Lithium mine being built on ‘sacred ground’ where Native Americans say they were massacred | US News

A controversial lithium mine is currently being built on what Native Americans consider to be sacred ground in Nevada. The land, located near the town of Thacker Pass, is believed to be the site of a massacre of Paiute people that took place in the late 1800s.

The project, known as the Thacker Pass lithium mine, is being developed by a Canadian company called Lithium Americas. The mine is expected to produce lithium, a key component in electric car batteries, and is seen as a strategic asset in the push for renewable energy.

However, the construction of the mine has sparked outrage among Native American groups who believe that the land should be protected and preserved as a sacred site. According to tribal leaders, the area is of great cultural and historical significance to the Paiute people, as it is believed to be the site of a massacre in which hundreds of Paiute men, women, and children were killed by white settlers.

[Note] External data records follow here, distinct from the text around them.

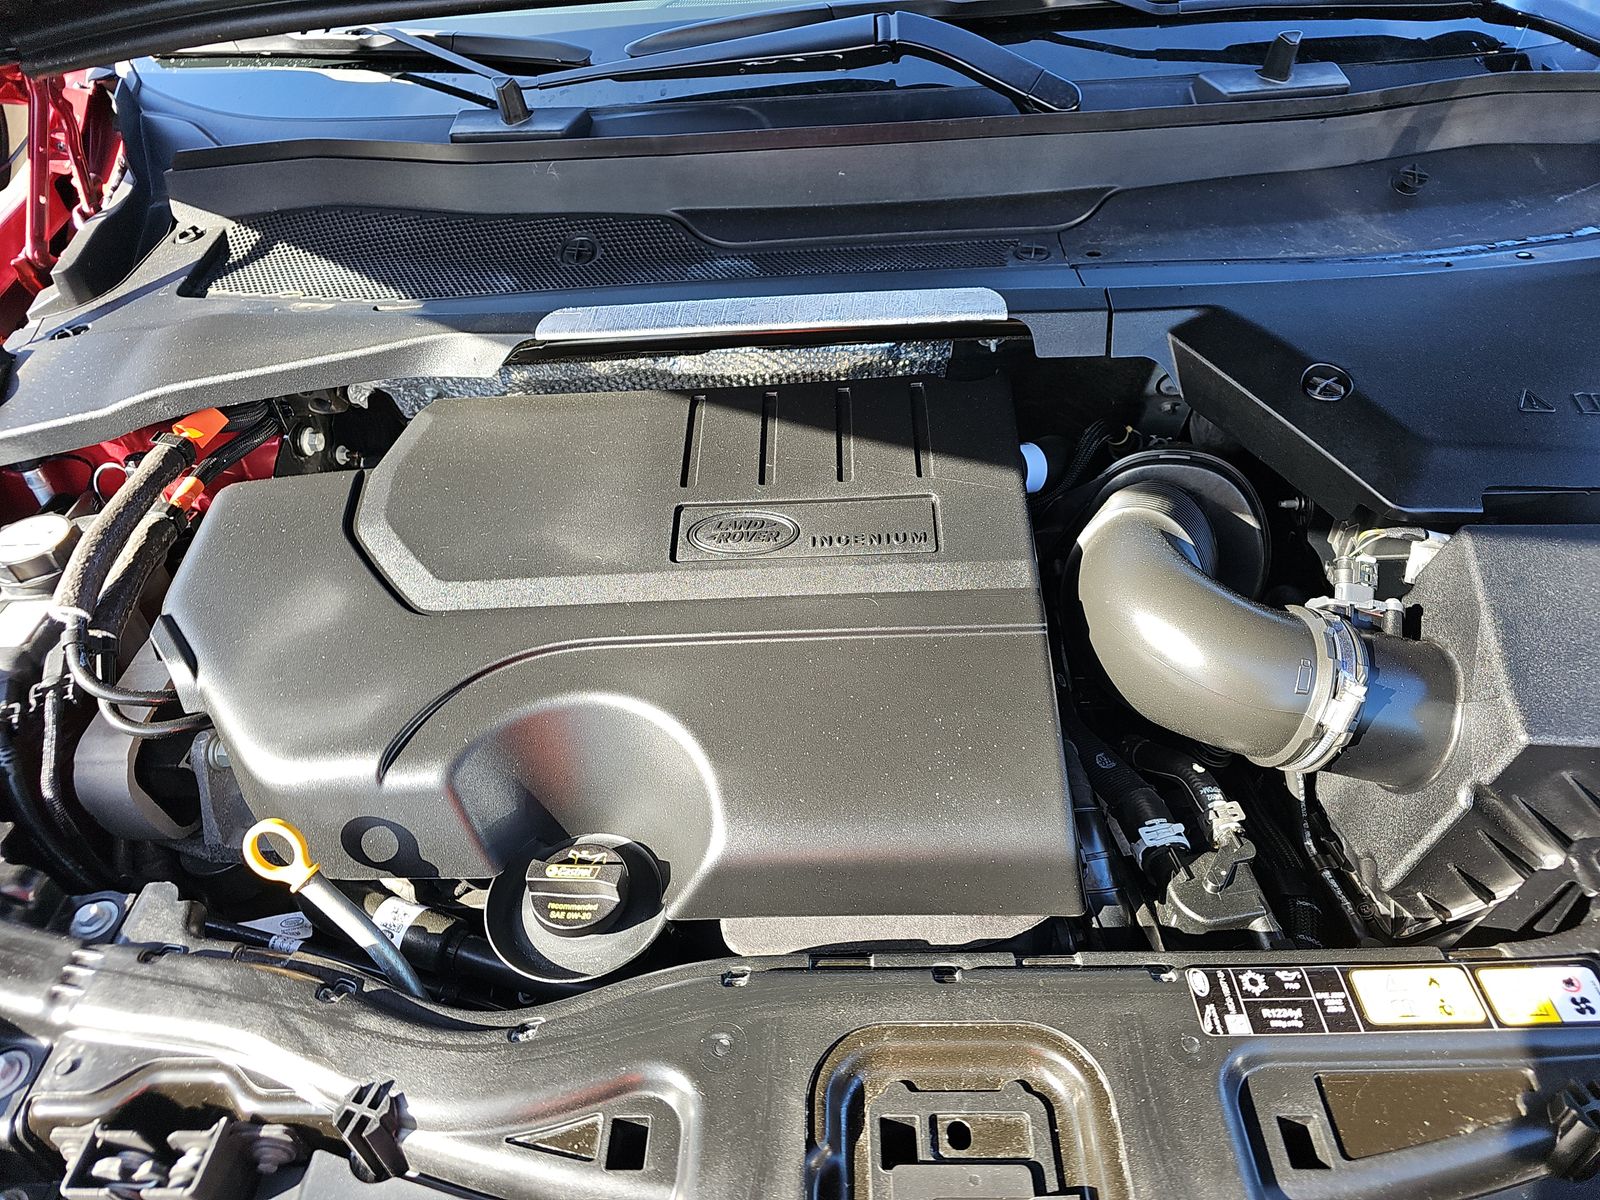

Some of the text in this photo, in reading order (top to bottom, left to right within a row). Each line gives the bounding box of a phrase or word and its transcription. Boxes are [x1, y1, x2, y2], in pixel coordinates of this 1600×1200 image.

[712, 519, 765, 531] LAND
[716, 530, 781, 544] ROVER
[810, 531, 928, 547] INGENIUM
[558, 865, 593, 877] Castrol
[547, 902, 599, 911] recommended
[549, 911, 566, 919] SAE

Tribal leaders have called for the mine to be halted and for the land to be returned to the Paiute people. They argue that the desecration of sacred sites is a form of cultural genocide and that the destruction of these sites erases important aspects of Native American history and heritage.

Environmental activists have also joined the fight against the mine, citing concerns about the potential environmental impact of the project. They argue that the extraction of lithium could pollute water sources and harm wildlife in the area.

Despite the protests and legal challenges, the construction of the Thacker Pass lithium mine is moving forward. The company behind the project has defended its actions, stating that it has consulted with Native American groups and has taken steps to minimize the environmental impact of the mine.

The conflict over the Thacker Pass lithium mine highlights the ongoing tensions between development and conservation, as well as the need to respect and protect sacred sites and indigenous rights. As the project continues to progress, it remains to be seen how the concerns of Native American groups and environmental activists will be addressed.